MADRID — Antihypertensive therapy with candesartan was shown to reverse left ventricular hypertrophy in a study reported by Dr. Vivencio Barrios at the annual meeting of the European Society of Hypertension.
Regression of electrocardiographic left ventricular hypertrophy (LVH) has been shown to improve the prognosis of hypertensive patients in several recently published controlled randomized trials, “but information on LVH regression in clinical practice has been very scarce,” said Dr. Barrios of the cardiology institute at Ramon y Cajal Hospital, Madrid.
Dr. Barrios conducted an open-label, 12-month study evaluating the impact of candesartan, an angiotensin-1 receptor blocker, on LVH in a real-world practice setting. The study involved 276 patients with uncontrolled essential hypertension. The mean blood pressure at baseline was 164/92 mm Hg. The patients' average age was 62 years, and 18% had diabetes.

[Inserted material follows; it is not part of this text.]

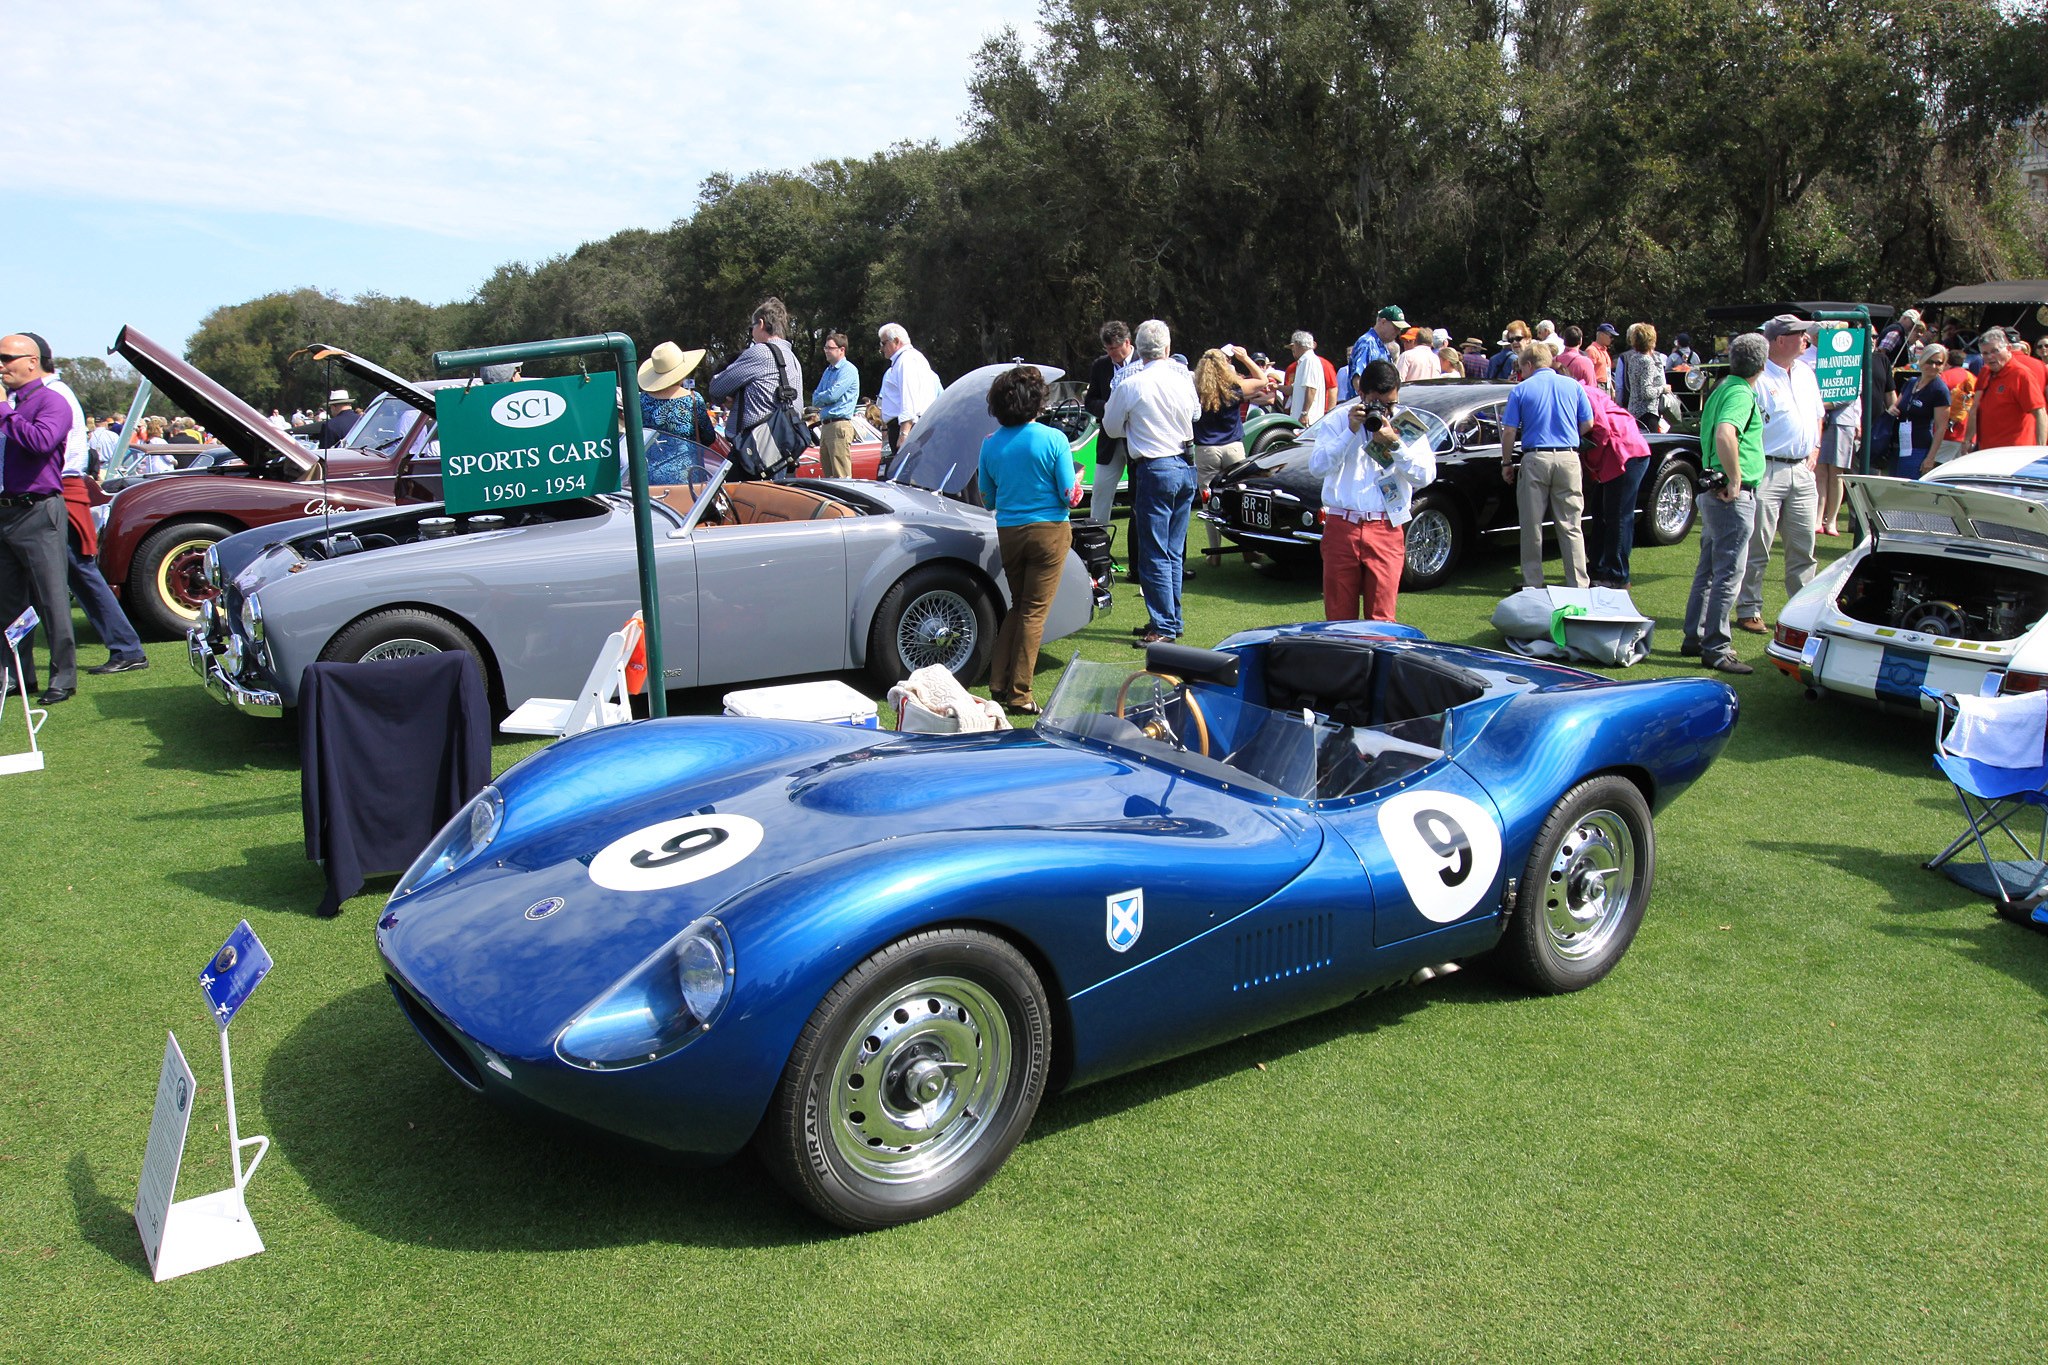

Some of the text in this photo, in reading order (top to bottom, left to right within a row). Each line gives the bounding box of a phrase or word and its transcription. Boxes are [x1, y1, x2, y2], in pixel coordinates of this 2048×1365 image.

The investigators assessed LVH via electrocardiography, using the Cornell voltage duration product (VDP) measurement, as well as QRS-segment duration. The baseline and posttreatment ECG tracings were assessed by a single lab, by a blinded investigator. At the outset of the study, 24% of the patients had LVH.
Patients were treated with candesartan 8 mg/day or 16 mg/day, with the objective of reaching pressures below 140/90 mm Hg for nondiabetics or 130/80 for diabetic patients. The investigators had the option of adding on other antihypertensive medications if the pressure values did not drop into the target ranges after several months.
At 12 months, the angiotensin-1 receptor blocker produced the expected degree of pressure reduction, decreasing the baseline mean values of 164/92 mm Hg to 143/84 mm Hg. It also produced a significant decrease in the prevalence of LVH. By the end of the study, 20% of the study population had ECG evidence of LVH, down from 24% at the outset. Dr. Barrios noted that 19% of those with LVH showed observable LVH regressions.
On average, the VDP was significantly reduced by 132.88 mm × msec, and the QRS interval was reduced by 2.95 msec; both indicate a trend away from LVH.
The Spanish investigators found that the VDP changes were larger in older patients, and in those with higher baseline VDP values, suggesting that candesartan offers the greatest potential benefit in those patients with the most advanced LVH.
Earlier detection and reversal of LVH has become a burning concern among hypertension specialists who hope that primary care physicians will join them in their efforts to prevent heart failure, for which advanced age and presence of LVH are the two most important risk factors.
“We have data from the 1970s showing that if you do a standard ECG and there are signs of LVH, the risk [of heart failure] is two- to fivefold greater. You really need to do the ECGs, look for LVH, and treat much more intensively,” said Dr. Thomas Kahan of the cardiology section at Karolinska Institutet, Stockholm, who chaired a session on heart failure prevention.
“There's a stepwise progression from hypertension to LVH to heart failure. My impression is that we have a lot of risk markers, but we tend not to use them in clinical practice.” He insisted that physicians increase their level of scrutiny for LVH whenever they do ECGs or echocardiograms.